(Exercise inputs)

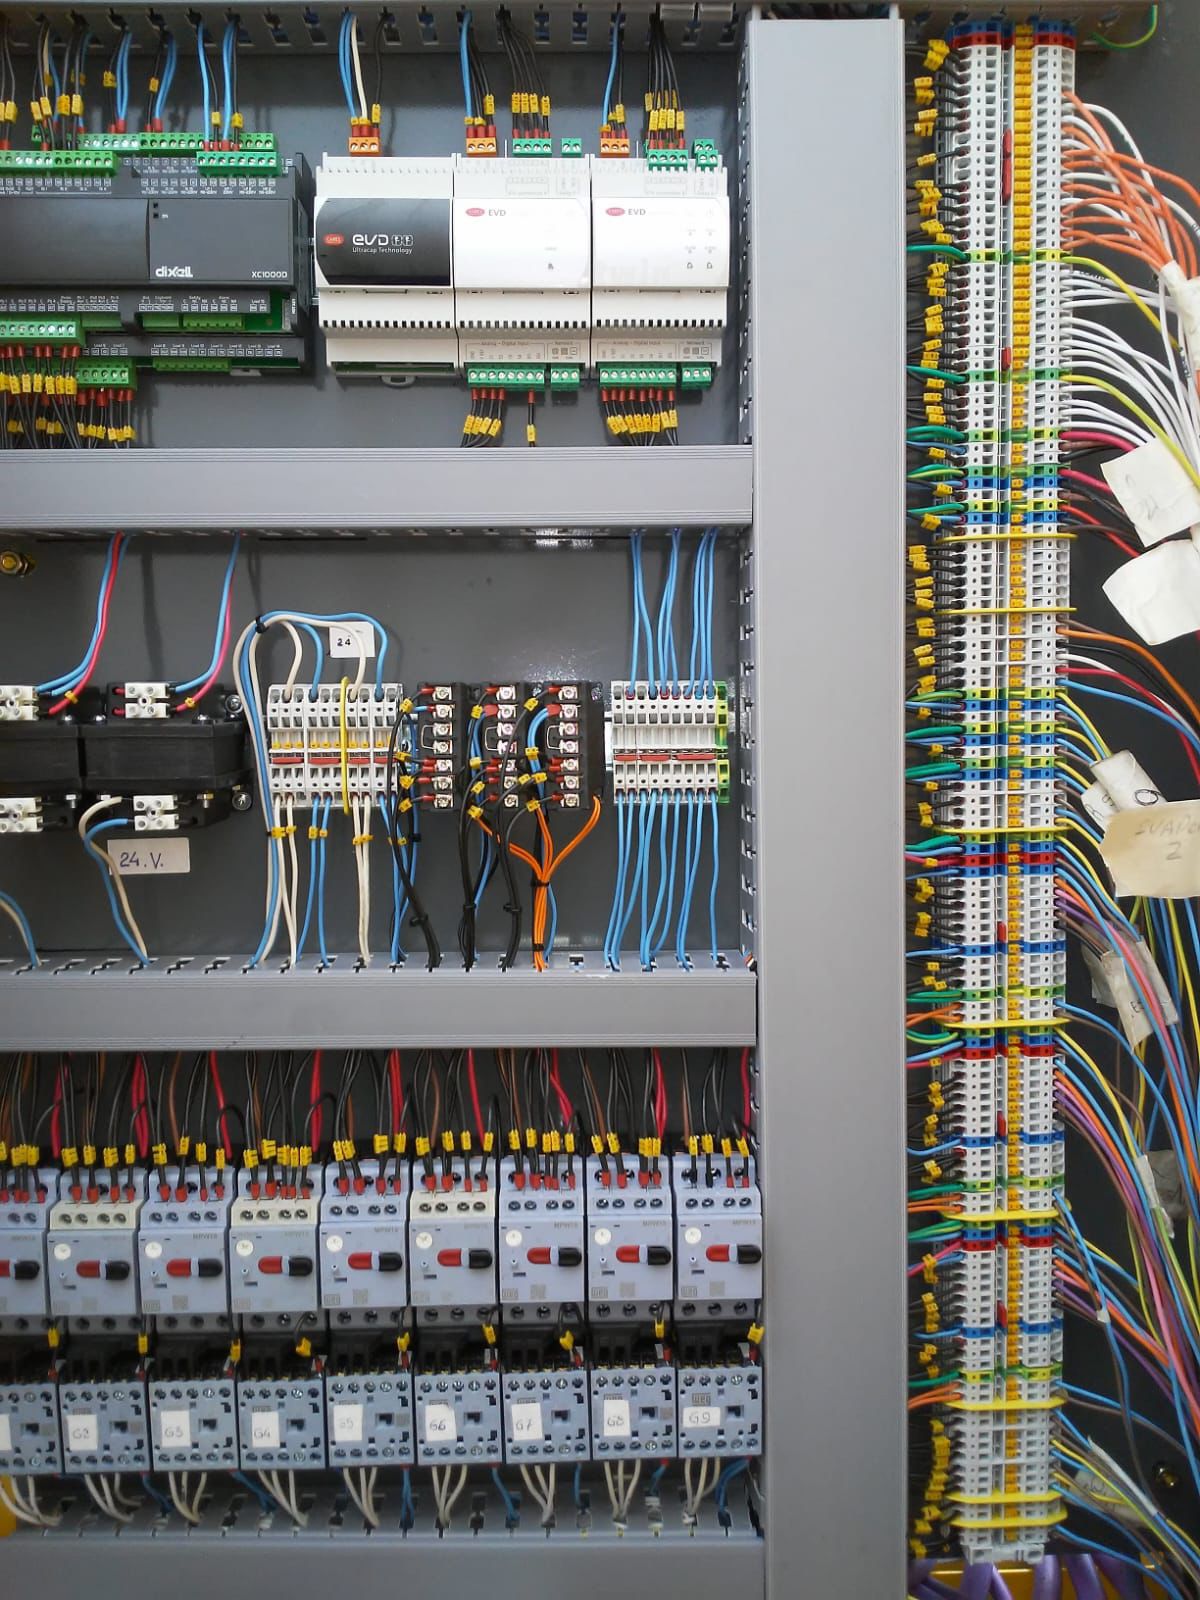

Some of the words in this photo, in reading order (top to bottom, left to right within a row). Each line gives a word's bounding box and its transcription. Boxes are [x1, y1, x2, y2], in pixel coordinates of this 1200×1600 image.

[488, 209, 507, 217] EVD
[627, 208, 647, 216] EVD
[352, 246, 377, 254] Ultracap
[378, 246, 413, 255] Technology
[337, 637, 351, 647] 24

(End Exercise inputs)

» Exercise instructions
Print the material above exactly as it appears, but not its pictures.

» Your solution
Some of the words in this photo, in reading order (top to bottom, left to right within a row). Each line gives a word's bounding box and its transcription. Boxes are [x1, y1, x2, y2], in pixel coordinates of this 1200×1600 image.

[488, 209, 507, 217] EVD
[627, 208, 647, 216] EVD
[352, 246, 377, 254] Ultracap
[378, 246, 413, 255] Technology
[337, 637, 351, 647] 24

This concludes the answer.